When you copy the material below, keep every line exact and leave each picture out.

RAW DATA.
┌────────

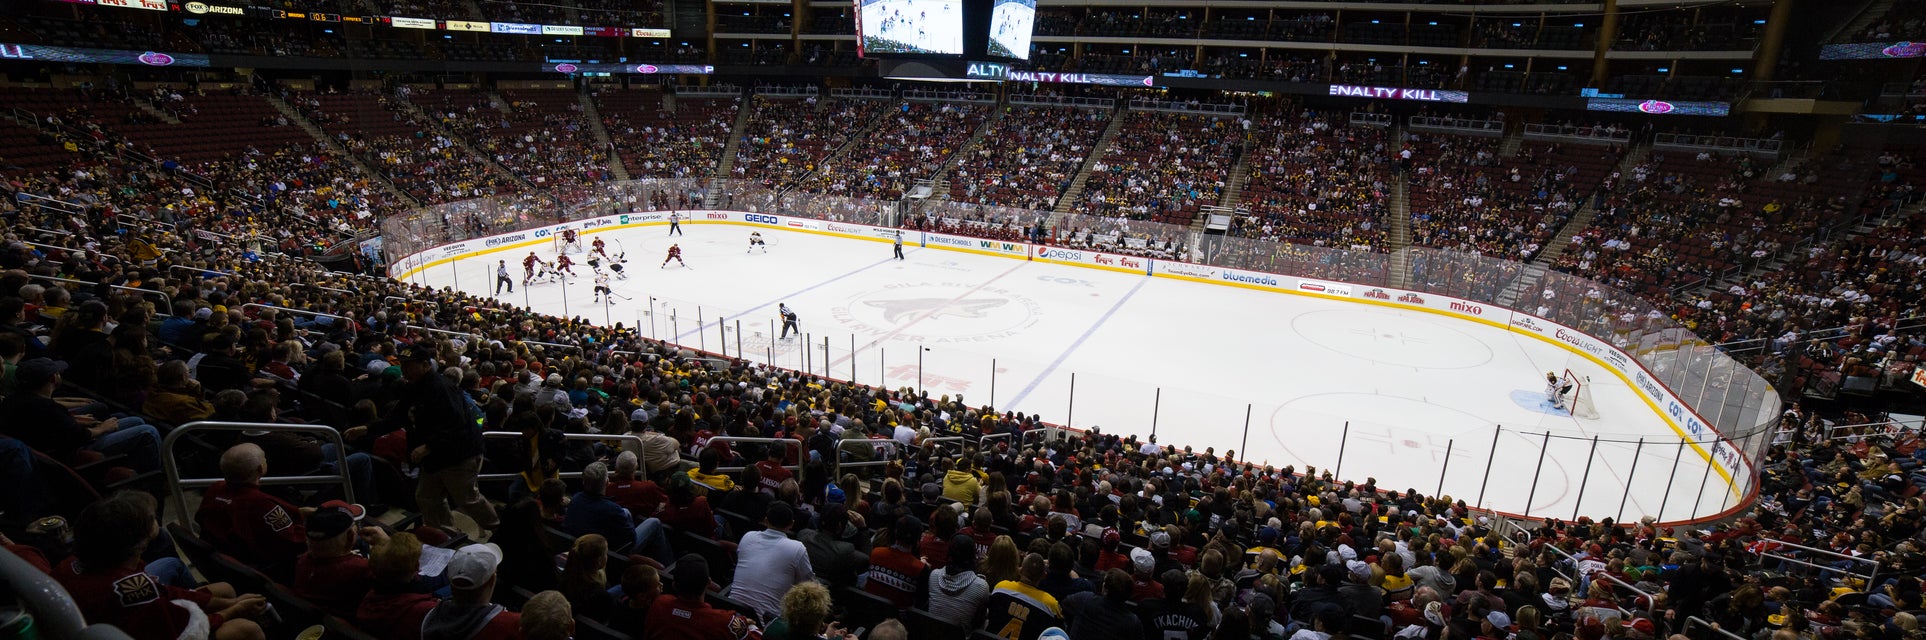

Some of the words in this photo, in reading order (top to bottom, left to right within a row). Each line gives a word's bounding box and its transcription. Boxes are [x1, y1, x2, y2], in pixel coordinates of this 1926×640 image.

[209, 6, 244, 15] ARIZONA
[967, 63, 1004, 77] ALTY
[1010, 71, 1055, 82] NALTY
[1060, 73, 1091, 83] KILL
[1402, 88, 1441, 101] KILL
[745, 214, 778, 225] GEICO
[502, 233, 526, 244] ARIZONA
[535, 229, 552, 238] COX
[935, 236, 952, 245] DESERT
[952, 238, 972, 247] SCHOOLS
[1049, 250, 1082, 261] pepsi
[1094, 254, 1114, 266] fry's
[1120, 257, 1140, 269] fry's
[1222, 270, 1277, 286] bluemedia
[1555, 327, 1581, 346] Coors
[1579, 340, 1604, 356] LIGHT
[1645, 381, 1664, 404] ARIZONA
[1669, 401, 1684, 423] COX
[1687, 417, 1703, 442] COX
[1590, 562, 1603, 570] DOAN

└────────

PROBLEM SOLUTION.
Some of the words in this photo, in reading order (top to bottom, left to right within a row). Each line gives a word's bounding box and its transcription. Boxes are [x1, y1, x2, y2], in pixel coordinates of this 1926×640 image.

[209, 6, 244, 15] ARIZONA
[967, 63, 1004, 77] ALTY
[1010, 71, 1055, 82] NALTY
[1060, 73, 1091, 83] KILL
[1402, 88, 1441, 101] KILL
[745, 214, 778, 225] GEICO
[502, 233, 526, 244] ARIZONA
[535, 229, 552, 238] COX
[935, 236, 952, 245] DESERT
[952, 238, 972, 247] SCHOOLS
[1049, 250, 1082, 261] pepsi
[1094, 254, 1114, 266] fry's
[1120, 257, 1140, 269] fry's
[1222, 270, 1277, 286] bluemedia
[1555, 327, 1581, 346] Coors
[1579, 340, 1604, 356] LIGHT
[1645, 381, 1664, 404] ARIZONA
[1669, 401, 1684, 423] COX
[1687, 417, 1703, 442] COX
[1590, 562, 1603, 570] DOAN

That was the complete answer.